The use of açaí palm berries in supplements and the marketing of such supplements has led to enforcement efforts in the United States in 2010. Advertisements of açaí berry supplements have been referred to as scams, both for their deceptive offers as well as for a lack of efficacy. A Canadian Anti-Fraud Centre spokesman described the growing number of scams related to the sale of açaí berry supplements as "a major international problem."

==Background==
===Negative option billing===
Many makers of açaí berry supplements have offered their products on the Internet on a negative option basis, meaning that customers automatically receive new shipments until they affirmatively cancel. Such offers are often billed as "free trials," where users are asked to supply billing information to cover shipping and handling. Many consumers fail to realize that, by giving their billing details, they have also agreed to accept recurring shipments, incurring monthly charges of $45 to $65 or even $95.
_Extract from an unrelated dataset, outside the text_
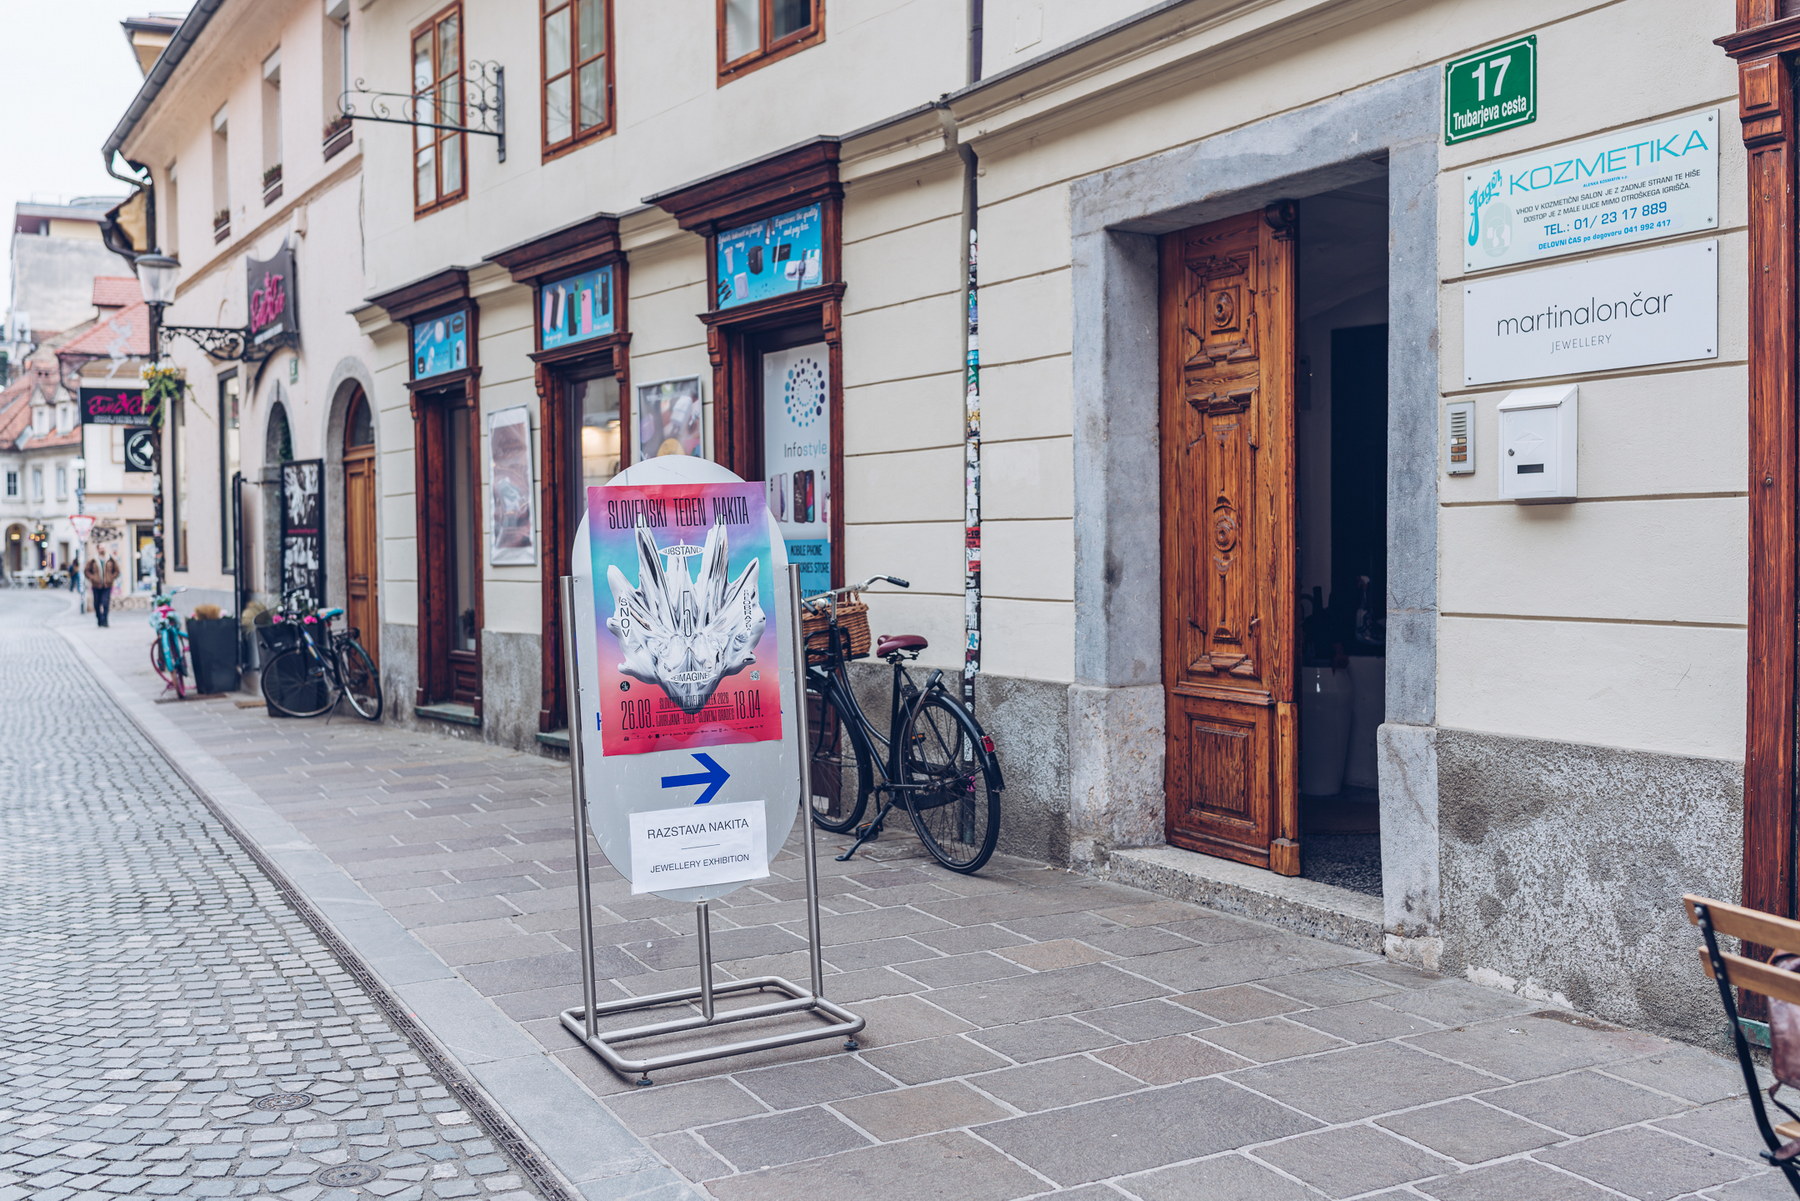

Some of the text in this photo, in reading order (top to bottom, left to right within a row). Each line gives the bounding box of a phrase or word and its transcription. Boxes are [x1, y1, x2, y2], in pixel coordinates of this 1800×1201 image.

==="Fake blog" affiliate marketing===
Common in the affiliate marketing of açaí berry supplements is the use of fake blogs, describing fictional testimonials of users of the product. It has been reported that some fake blogs also alter the testimonials based on the user's location, deceiving the user into thinking that the supposed endorser is from the local area.

==Enforcement actions==
On 19 August 2009, Oprah Winfrey sued fifty Internet sellers of açaí berry supplements, including FWM Labs of Hollywood, Florida and MonaVie of Salt Lake City, Utah. Jennifer Eisenbarth, a former contestant on The Biggest Loser, later sued FWM in December 2009 for use of her image in FWM's advertisements. In March 2010, ABC's Nightline reported that FWM settled, resulting in payments of $200,000 in penalties and millions of dollars of refunds to consumers, as well as promises to refrain from deceptive advertising.

Also, in August 2009, Illinois Attorney General Lisa Madigan filed suit against three local açaí berry supplement suppliers and an affiliate marketer.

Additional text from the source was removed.